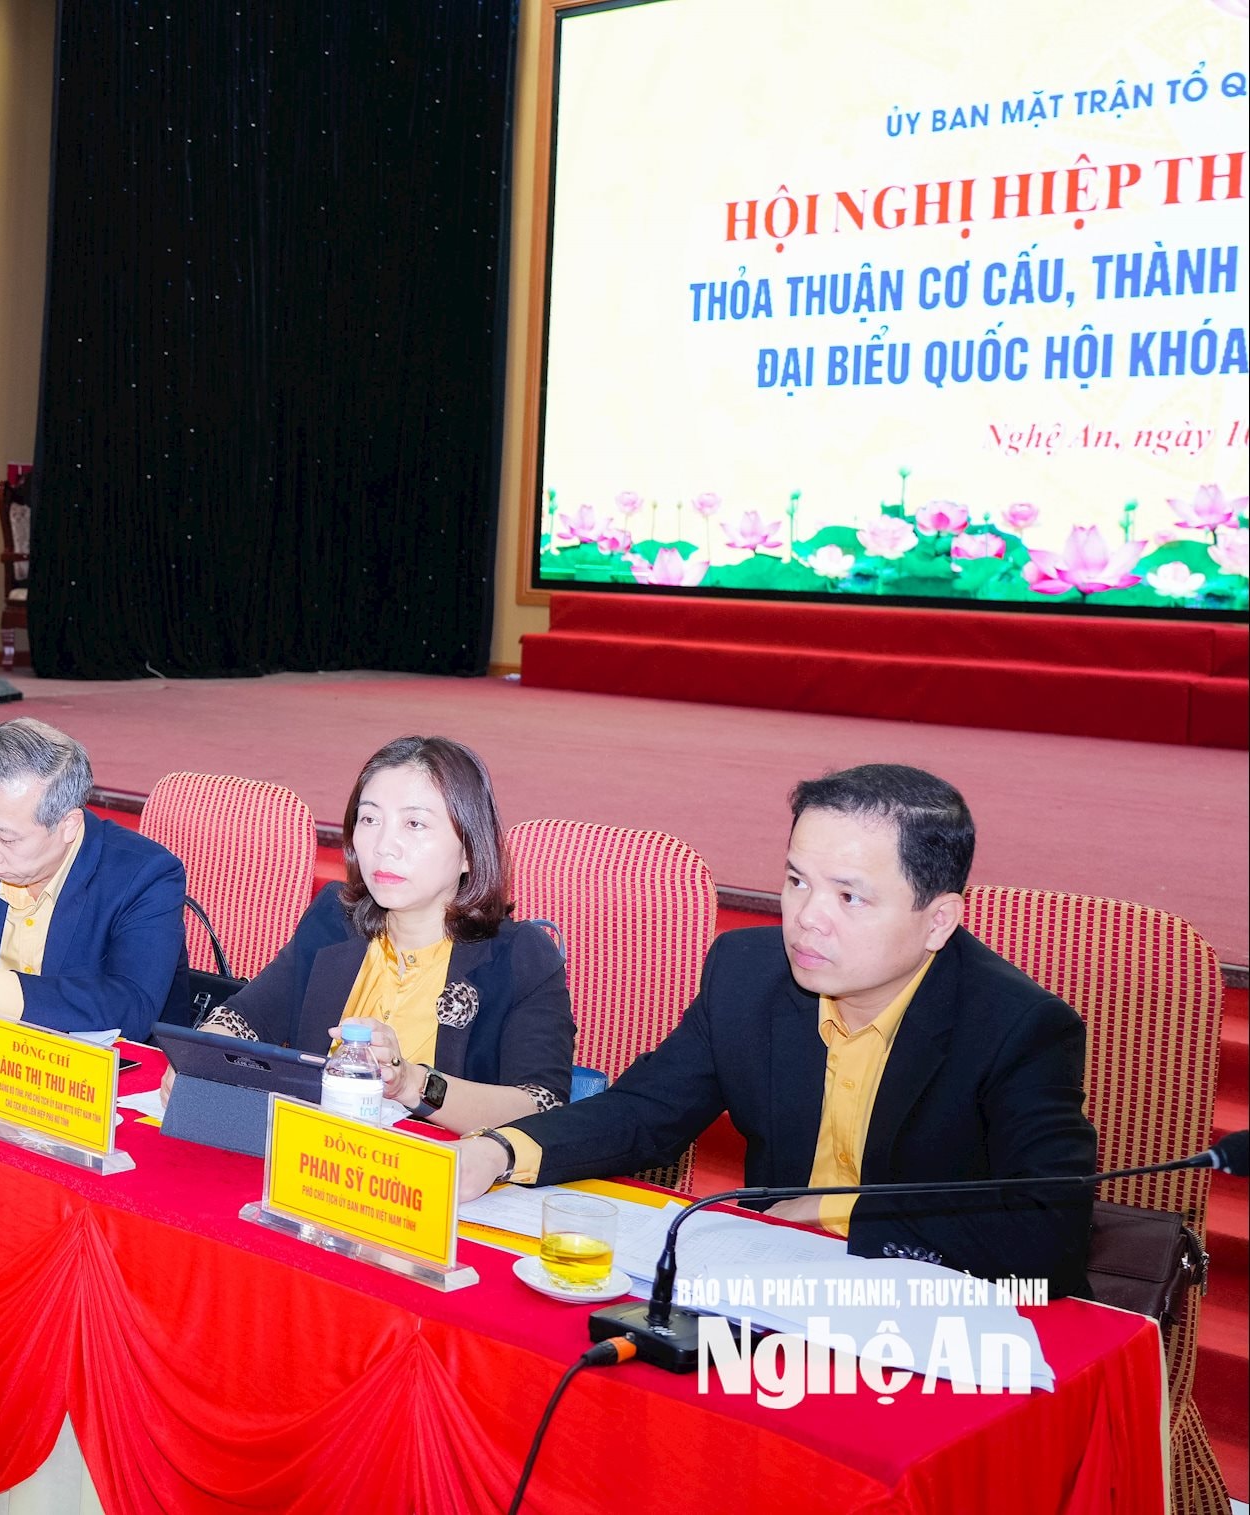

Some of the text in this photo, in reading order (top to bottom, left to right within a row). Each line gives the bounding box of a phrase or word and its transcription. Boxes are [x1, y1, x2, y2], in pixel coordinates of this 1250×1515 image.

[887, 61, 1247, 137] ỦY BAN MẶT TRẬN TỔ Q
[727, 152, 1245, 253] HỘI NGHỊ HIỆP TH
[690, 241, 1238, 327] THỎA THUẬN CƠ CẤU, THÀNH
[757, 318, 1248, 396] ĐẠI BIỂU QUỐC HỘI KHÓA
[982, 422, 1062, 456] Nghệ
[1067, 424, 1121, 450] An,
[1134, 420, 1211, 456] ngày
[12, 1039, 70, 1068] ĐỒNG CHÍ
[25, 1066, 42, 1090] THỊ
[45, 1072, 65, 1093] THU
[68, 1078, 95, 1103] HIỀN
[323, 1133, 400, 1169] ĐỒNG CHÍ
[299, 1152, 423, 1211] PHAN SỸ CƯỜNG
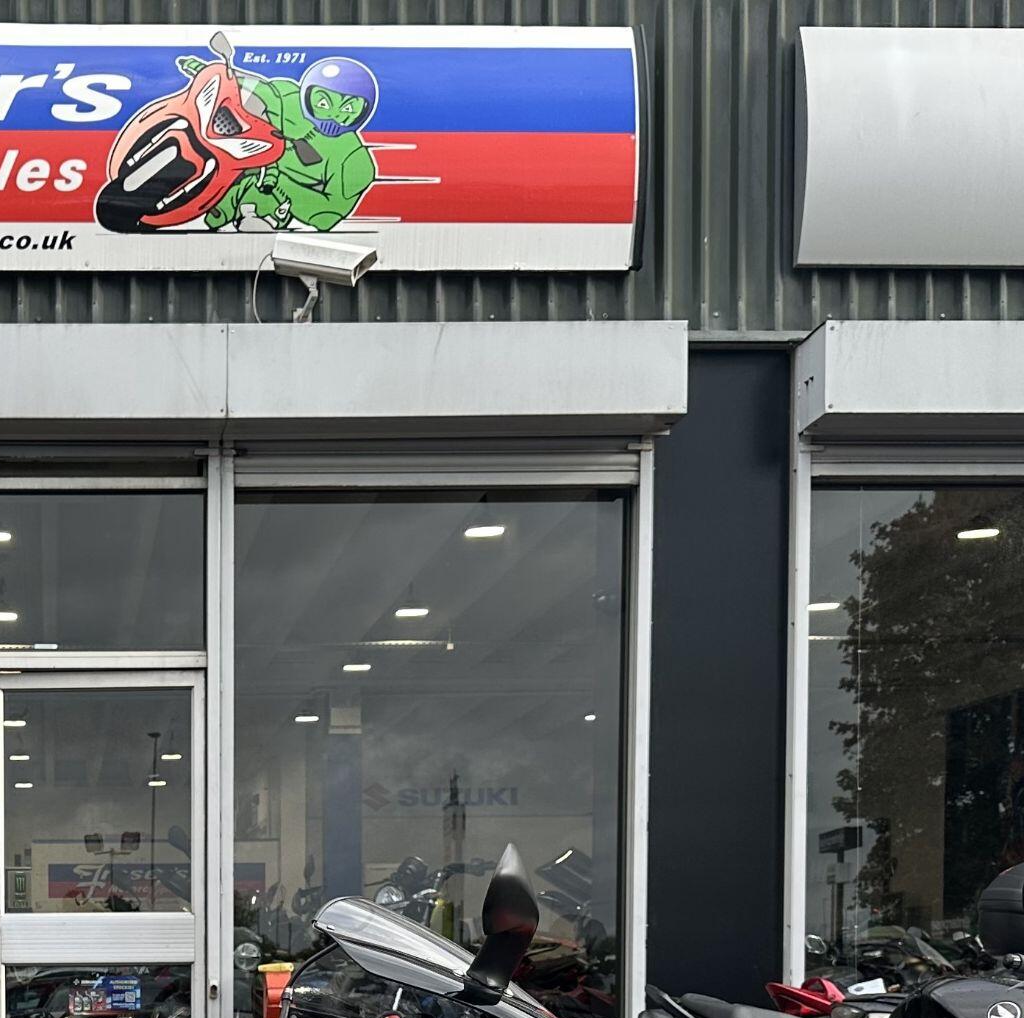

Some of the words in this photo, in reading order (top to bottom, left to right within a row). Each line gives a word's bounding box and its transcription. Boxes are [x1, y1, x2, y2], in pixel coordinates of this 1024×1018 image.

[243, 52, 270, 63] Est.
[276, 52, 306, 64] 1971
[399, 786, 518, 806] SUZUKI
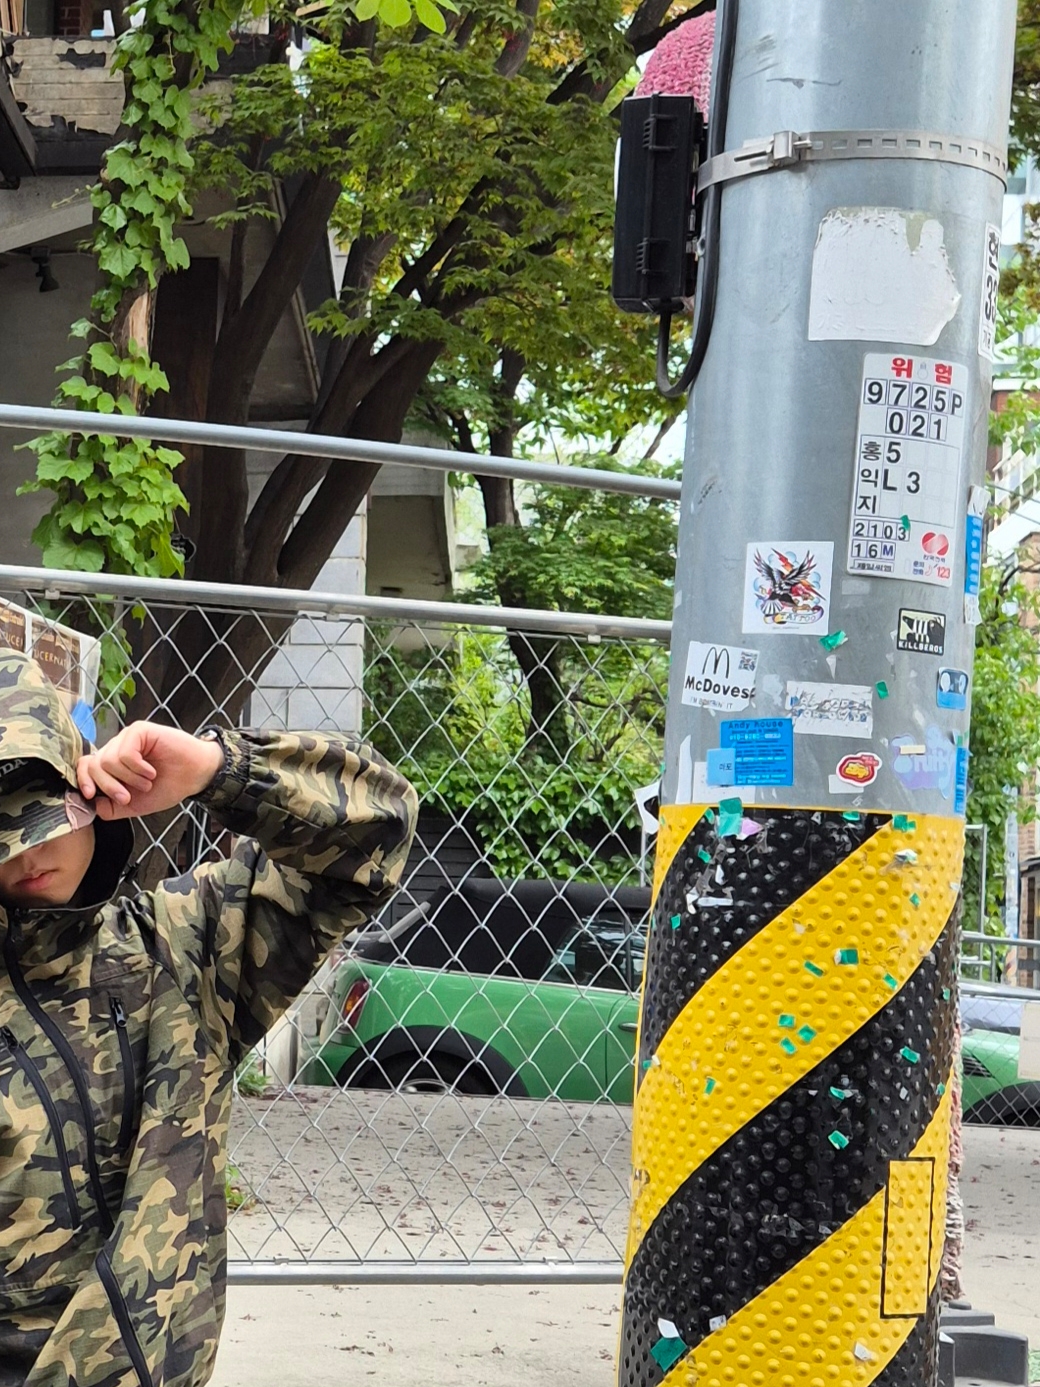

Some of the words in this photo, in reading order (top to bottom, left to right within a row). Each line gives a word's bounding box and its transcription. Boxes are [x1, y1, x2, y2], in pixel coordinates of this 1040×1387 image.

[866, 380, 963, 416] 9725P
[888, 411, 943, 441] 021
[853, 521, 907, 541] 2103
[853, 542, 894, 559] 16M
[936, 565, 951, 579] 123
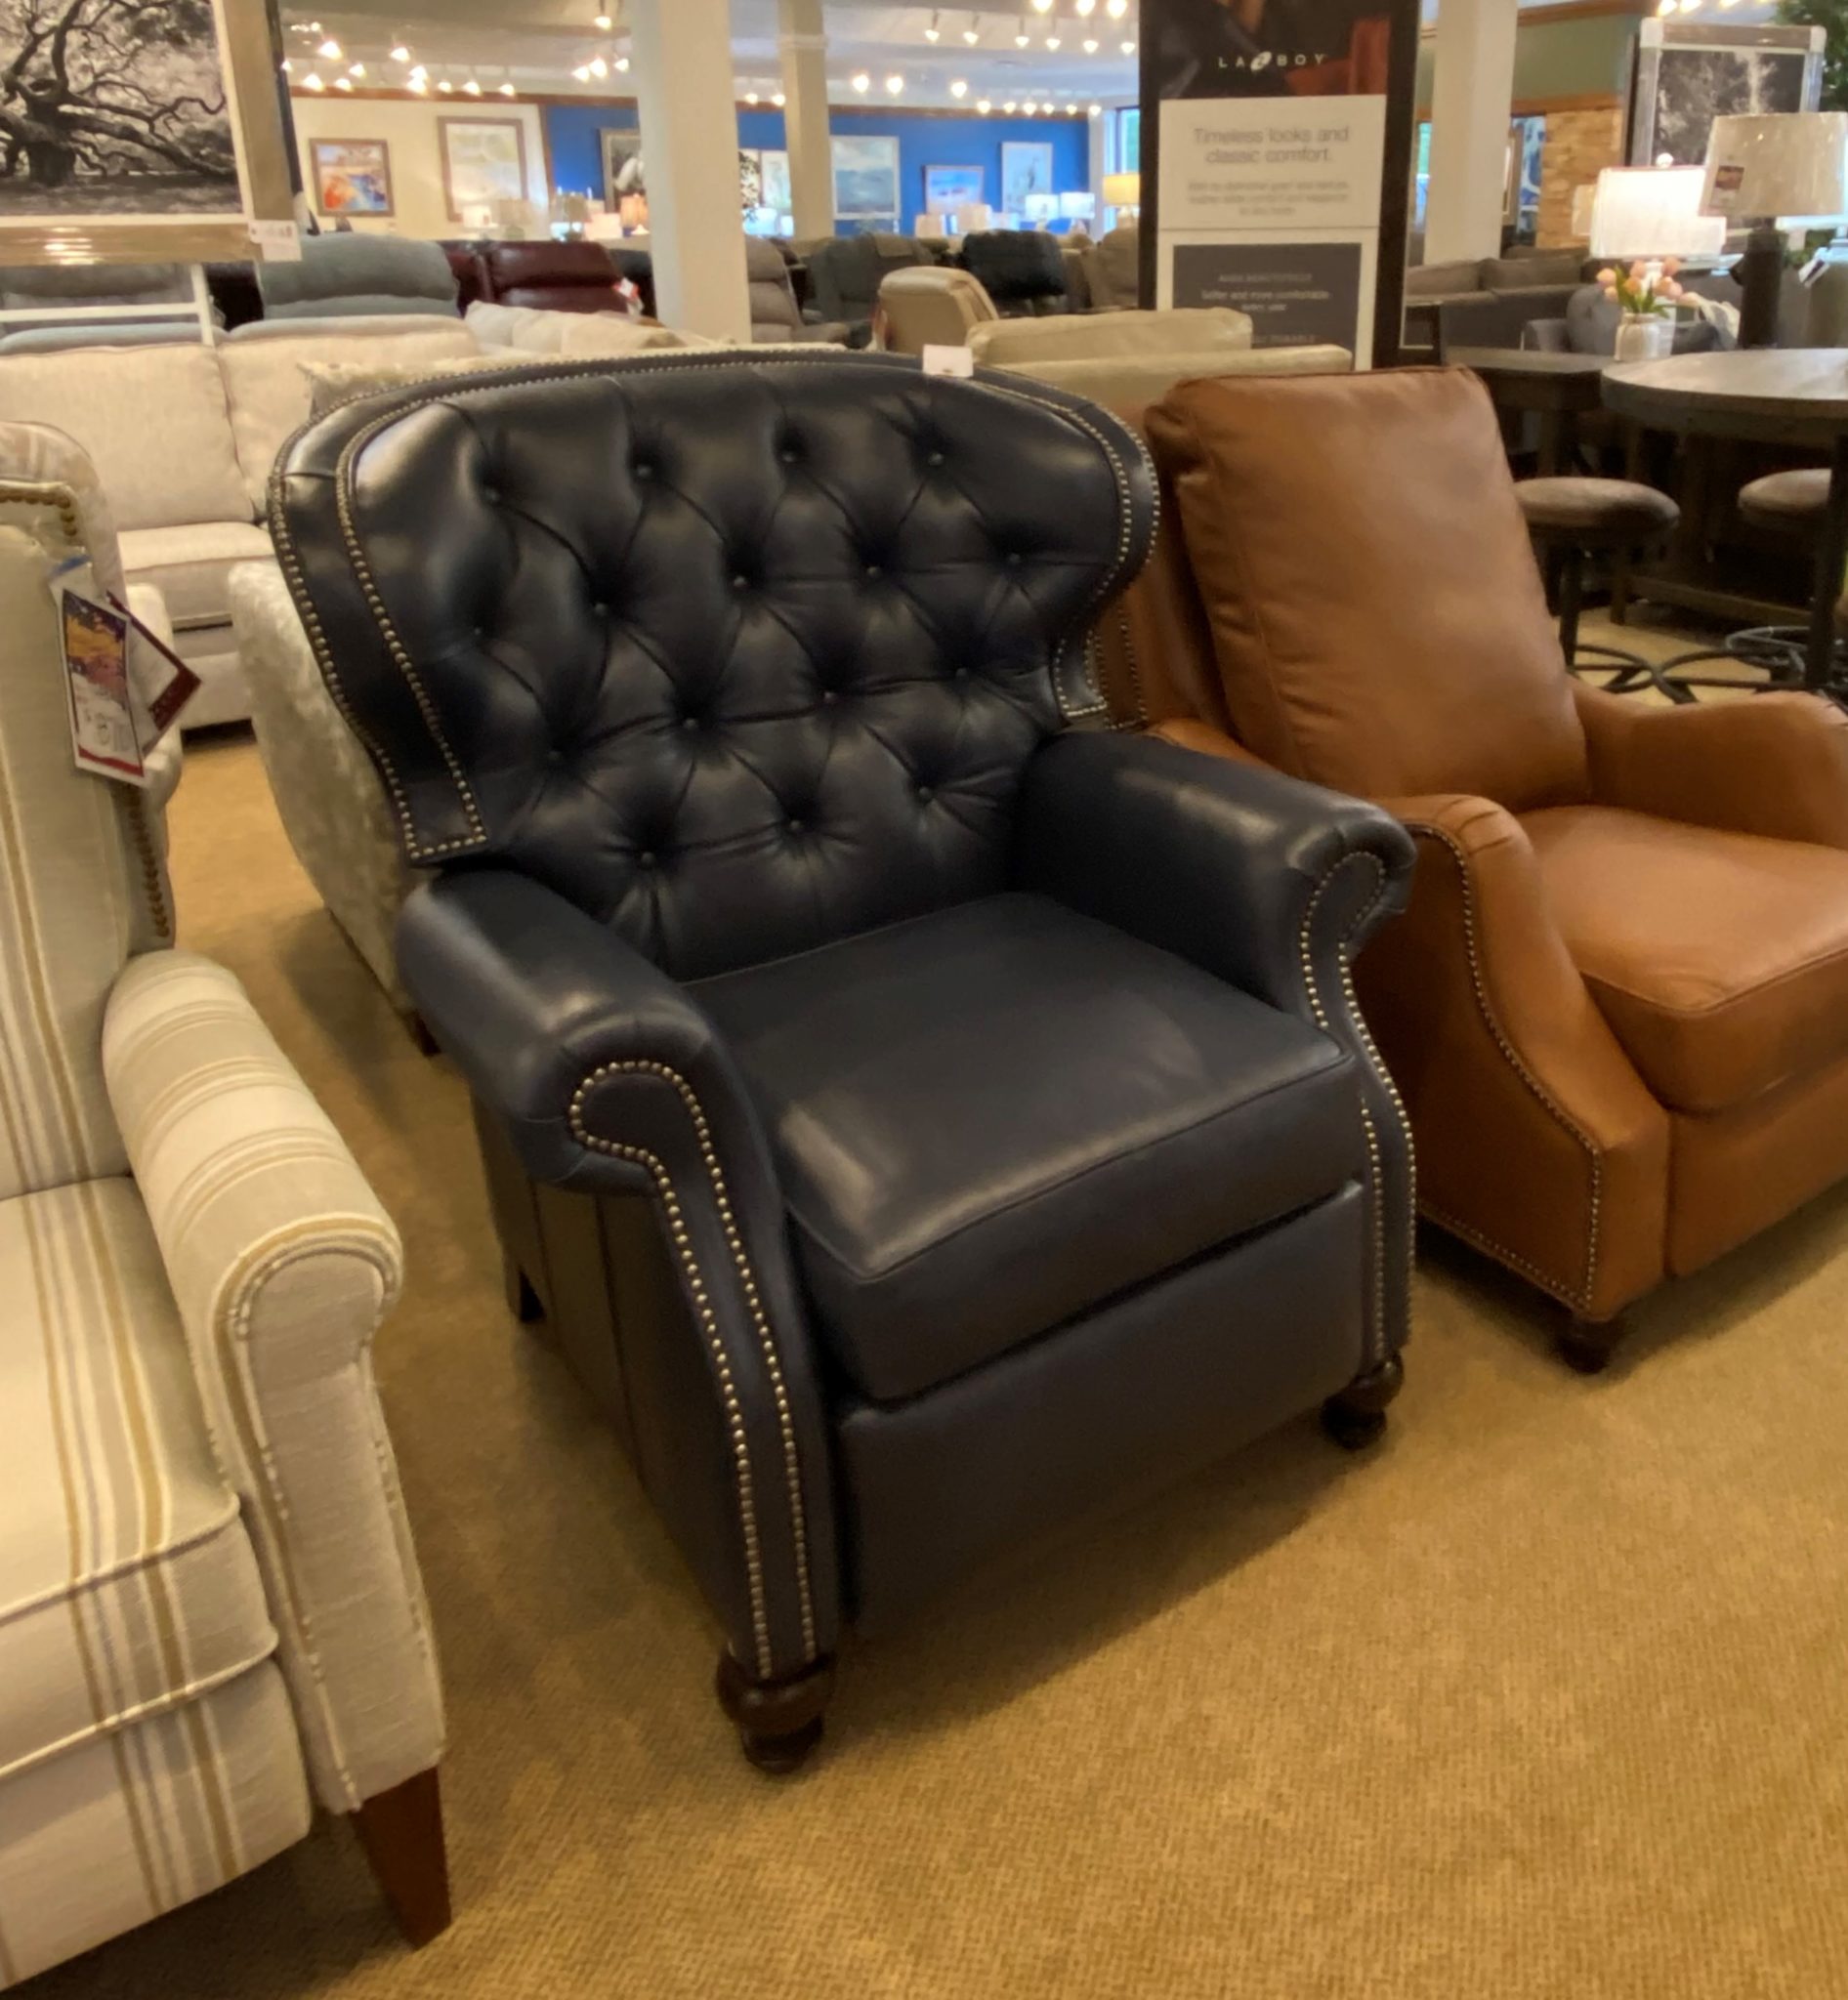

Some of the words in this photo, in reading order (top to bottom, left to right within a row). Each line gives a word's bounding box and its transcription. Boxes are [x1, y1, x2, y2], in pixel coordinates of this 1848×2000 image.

--

Reproduce the span beginning at the line with "this 1024×1018 image." and ending at the last line of the entries above, inclusive, exactly as it stands. Exclude the pictures.

Some of the words in this photo, in reading order (top to bottom, left to right within a row). Each line gives a word's bounding box and its transcription. Boxes are [x1, y1, x2, y2], in pixel coordinates of this 1024×1018 image.

[243, 52, 270, 63] Est.
[276, 52, 306, 64] 1971
[399, 786, 518, 806] SUZUKI

Some of the words in this photo, in reading order (top to bottom, left to right within a row). Each line gives a word's bounding box and its transcription. Boxes are [x1, y1, x2, y2], in pixel coordinates of this 1040×1387 image.

[866, 380, 963, 416] 9725P
[888, 411, 943, 441] 021
[853, 521, 907, 541] 2103
[853, 542, 894, 559] 16M
[936, 565, 951, 579] 123

Some of the words in this photo, in reading order (top to bottom, left to right within a row). Each line gives a word's bounding box and its transcription. Boxes are [x1, y1, x2, y2], in pixel coordinates of this 1848×2000 image.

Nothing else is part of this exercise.